If you’re expecting or raising a child you’re probably aware of the overabundance of writing on child rearing. Eliza Foss gives the baby-speak of Kathy Hirsch-Pasek and Roberta Golinkoff’s well-researched discourse a down-to-earth feel; even skirting with sarcasm aimed at the baby education industry. Yet this audiobook, itself an addition to the genre, never feels tongue in cheek. The real message here is a return to commonsense parenting. Hirsch-Pasek and Golinkoff favor an intuitive play-based attitude when it comes to parenting rather than an overanalyzed, over-planned, and overly adult approach to childcare which many similar books espouse. And the authors, a professor and a psychologist in the field, say current research backs up their fun and rational approach.
Play Is Back
Reassuring to parents and educators, Einstein Never Used Flash Cards shows why - and how - to step away from the cult of achievement and toward a more nurturing home life full of imaginative play and love of learning.
Here's the message that stressed-out parents are craving to hear: It's okay to play!
In fact, it's more than just okay - it's better than drilling academics. After decades of research, scientists and child development experts have come to a clear conclusion: Play is the best way for our children to learn. Children who are prematurely pushed into regimented academic instruction display less creativity and enthusiasm for learning than their peers. Children who memorize isolated facts early in life show no better long-term retention than their peers. Children who learn through play also develop social and emotional skills, which are critical for long-term success.
Somewhere along the line, we've gotten off track by stressing academic products and programs to our preschoolers. Thankfully, Dr. Kathy Hirsh-Pasek and Dr. Roberta Michnick Golinkoff have a simple remedy for our children that is based on overwhelming scientific evidence from their own studies and the collective research results of child development experts.
Einstein Never Used Flash Cards goes beyond debunking the myths spread by the accelerated-learning industry. Parents and educators will find a practical guide to introducing complex concepts through smart, simple, and loving play.
For every key area of a child's development (speech, reading, math, social skills, self-awareness, and intelligence), you'll understand how a child's mind actually learns. Then you'll discover exercises (40 in all) that will showcase emerging skills and leave your child smiling today - and prepared for tomorrow.
©2003 Roberta Michnick Golinkoff and Kathy Hirsh-Pasek (P)2012 Audible, Inc.
interested in medicine, fitness, and economics.

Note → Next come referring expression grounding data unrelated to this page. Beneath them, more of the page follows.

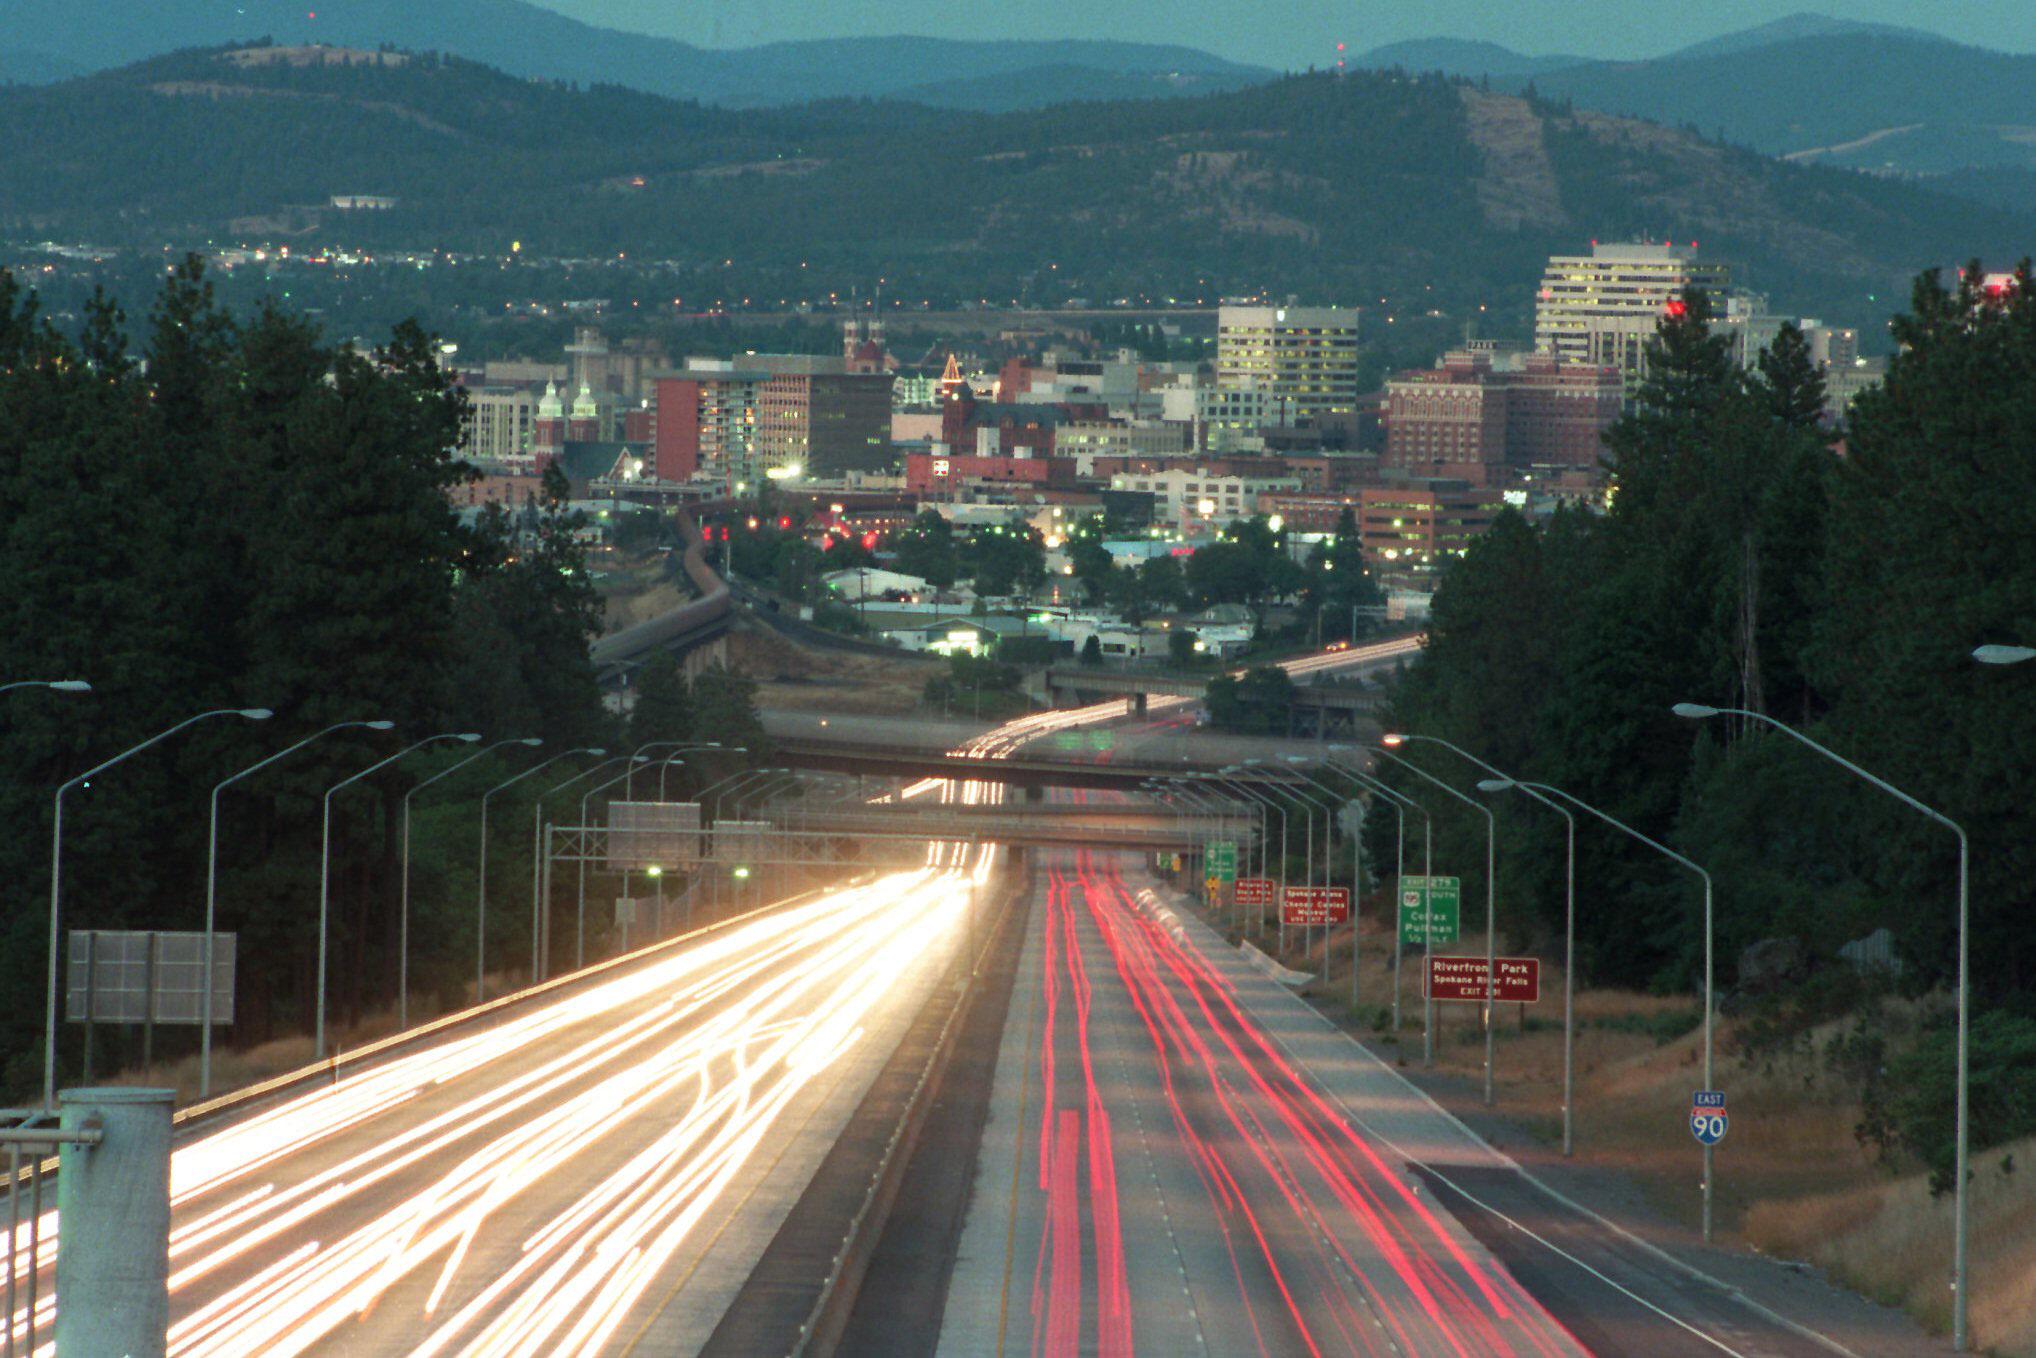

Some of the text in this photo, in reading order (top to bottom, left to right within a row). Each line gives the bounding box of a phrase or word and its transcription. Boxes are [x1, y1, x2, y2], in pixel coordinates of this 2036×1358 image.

[1411, 911, 1447, 921] Coax
[1405, 923, 1452, 933] Pulman
[1433, 961, 1528, 974] Riverfron Park
[1433, 975, 1473, 985] Spokane
[1506, 977, 1529, 986] Falls
[1460, 987, 1481, 995] EXIT
[1698, 1094, 1721, 1105] EAST
[1694, 1116, 1724, 1138] 90

I've listened to a lot of parenting books for young children. And while I completely agree with the premise of this book, I found that it was way too long and filled with self-promotion. And while they certainly made an effort to mention studies, I still felt that more of the book was pontification rather than a presentation of research.
The narration was great
I love AUDIBLE! I never get mad at traffic jams and can listen to many different books, despite of my short time.

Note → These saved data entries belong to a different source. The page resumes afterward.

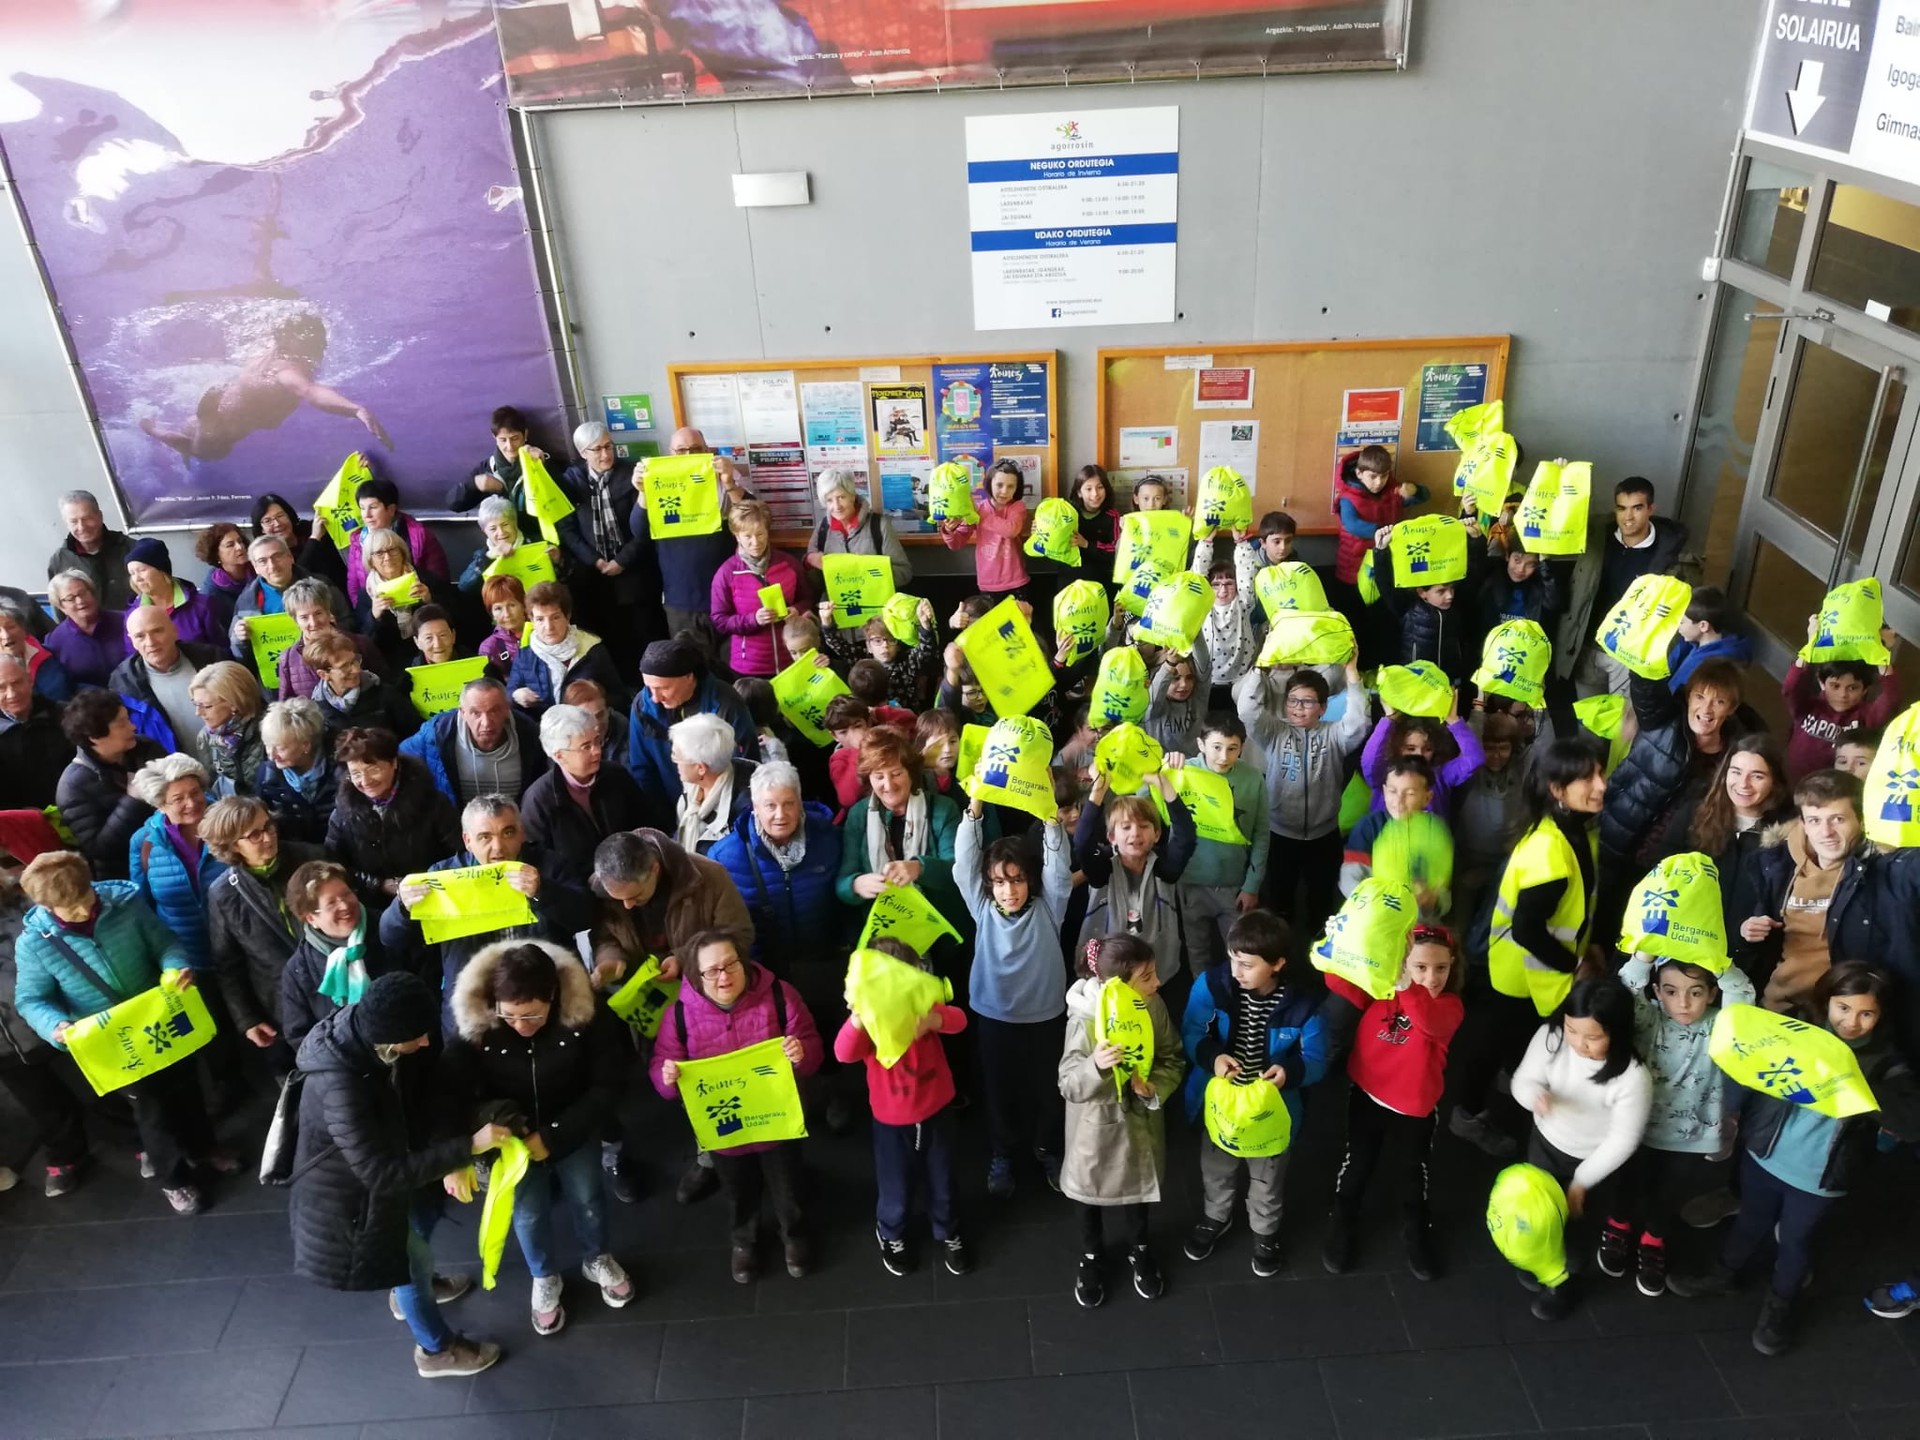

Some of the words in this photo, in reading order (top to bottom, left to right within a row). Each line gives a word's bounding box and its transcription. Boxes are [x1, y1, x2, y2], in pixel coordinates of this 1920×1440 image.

[1776, 13, 1860, 52] SOLAIRUA
[1030, 160, 1066, 171] NEGUKO
[1067, 158, 1115, 169] ORDUTEGIA
[1043, 170, 1065, 178] Horario
[1078, 169, 1102, 177] Invierno
[1035, 230, 1064, 240] UDAKO
[1066, 228, 1112, 238] ORDUTEGIA
[1046, 239, 1067, 247] Horario
[1672, 921, 1719, 941] Bergarako
[1670, 931, 1699, 945] Udala
[744, 1111, 787, 1122] Bergarako
[745, 1120, 770, 1128] Udala

I never gave any book less than 3 stars. But this one I almost gave one star. In the end, the authors redeem themselves, so I settled for 2 stars... Let me say why: in the beginning they introduce themselves to the public saying that they are RENOWNED psychologists. I wonder if Freud would say that he was a renowned psychiatrist (guess not). And then they put they say why we shouldn't worry-- our children never had piano lessons/ violin lessons (...) and they grew up just fine! There are MILLIONS OF YEARS OF EVOLUTION. WE SHOULDN'T BE SCARED ABOUT THE FUTURE! JUST LET IT BE. And then, they start making fun of parents who buy flashcards, who teach kids how to read, do math... What a waste of time! The kids should be playing! Then they attack the Mozart effect...

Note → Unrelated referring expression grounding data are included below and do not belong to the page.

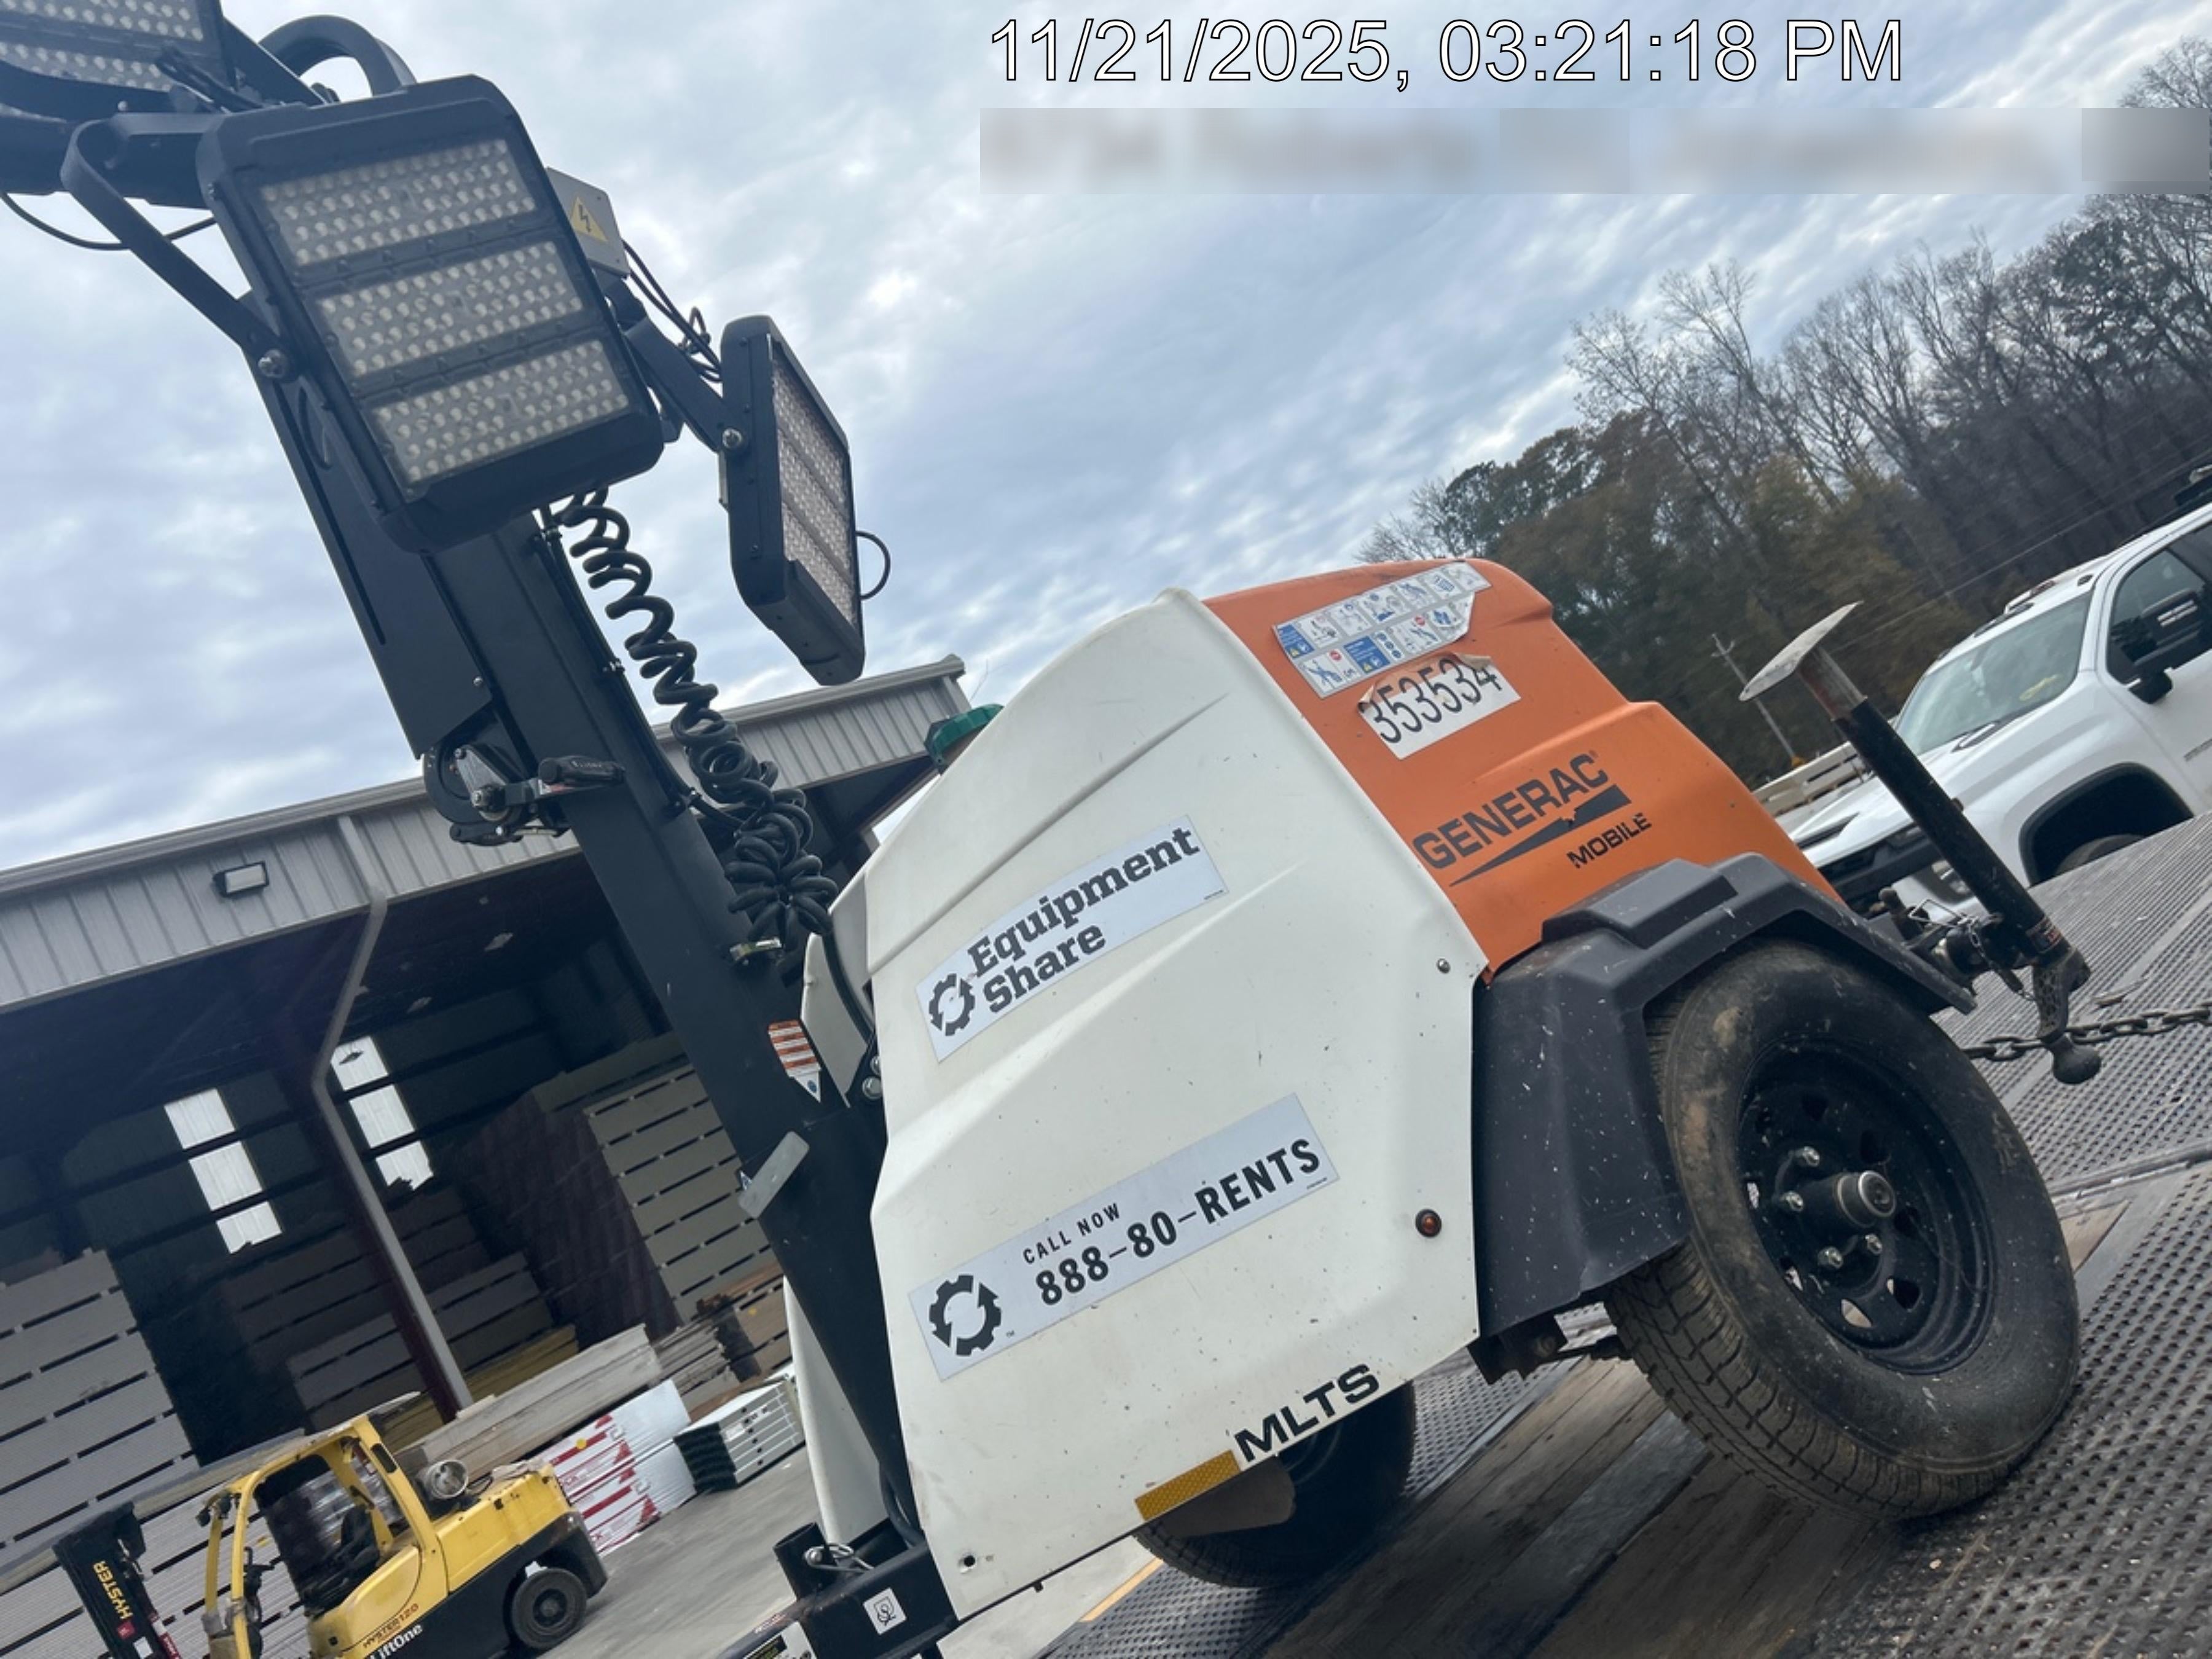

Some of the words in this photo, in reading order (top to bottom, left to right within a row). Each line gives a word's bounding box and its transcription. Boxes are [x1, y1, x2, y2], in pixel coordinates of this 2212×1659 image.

[1357, 657, 1502, 743] 353534
[1412, 753, 1609, 869] GENERAC
[1566, 812, 1652, 869] MOBILE
[967, 826, 1201, 978] Equipment
[982, 924, 1107, 1013] Share
[1022, 1230, 1072, 1264] CALL
[1077, 1202, 1121, 1237] NOW
[1035, 1138, 1320, 1306] 888-80-RENTS
[1234, 1363, 1379, 1462] MLTS
[93, 1561, 133, 1620] HYSTER

My opinion: they are biased. They try to cope for their guilt writing this book. A piece of paper can accept anything. And yes, young children can learn how to read AND play. They DON'T EXCLUDE EACH OTHER! I am a doctor, cardiology, and I live a fulfilling life. And my parents were strict AND warm. They taught me how to work hard AND gave me affection. They let me play AND demanded me good grades and great effort.
I have 2 children- My oldest is 6 and she learned how to read since before her first year (via Glenn Doman teaching's). She loves reading (she reads a lot), AND has a big EQ, lots of friends, is popular and very happy. My son is 3 and he, too, knew how to read before his first year. He is very calm, smart, loves sports, loves playing with spiderman, Buzz,... and likes to read. Oh, they also do math and understand its concepts.
Yes, I think we have to worry about their future, about the well being of our kids and not just letting "genetics" make magic.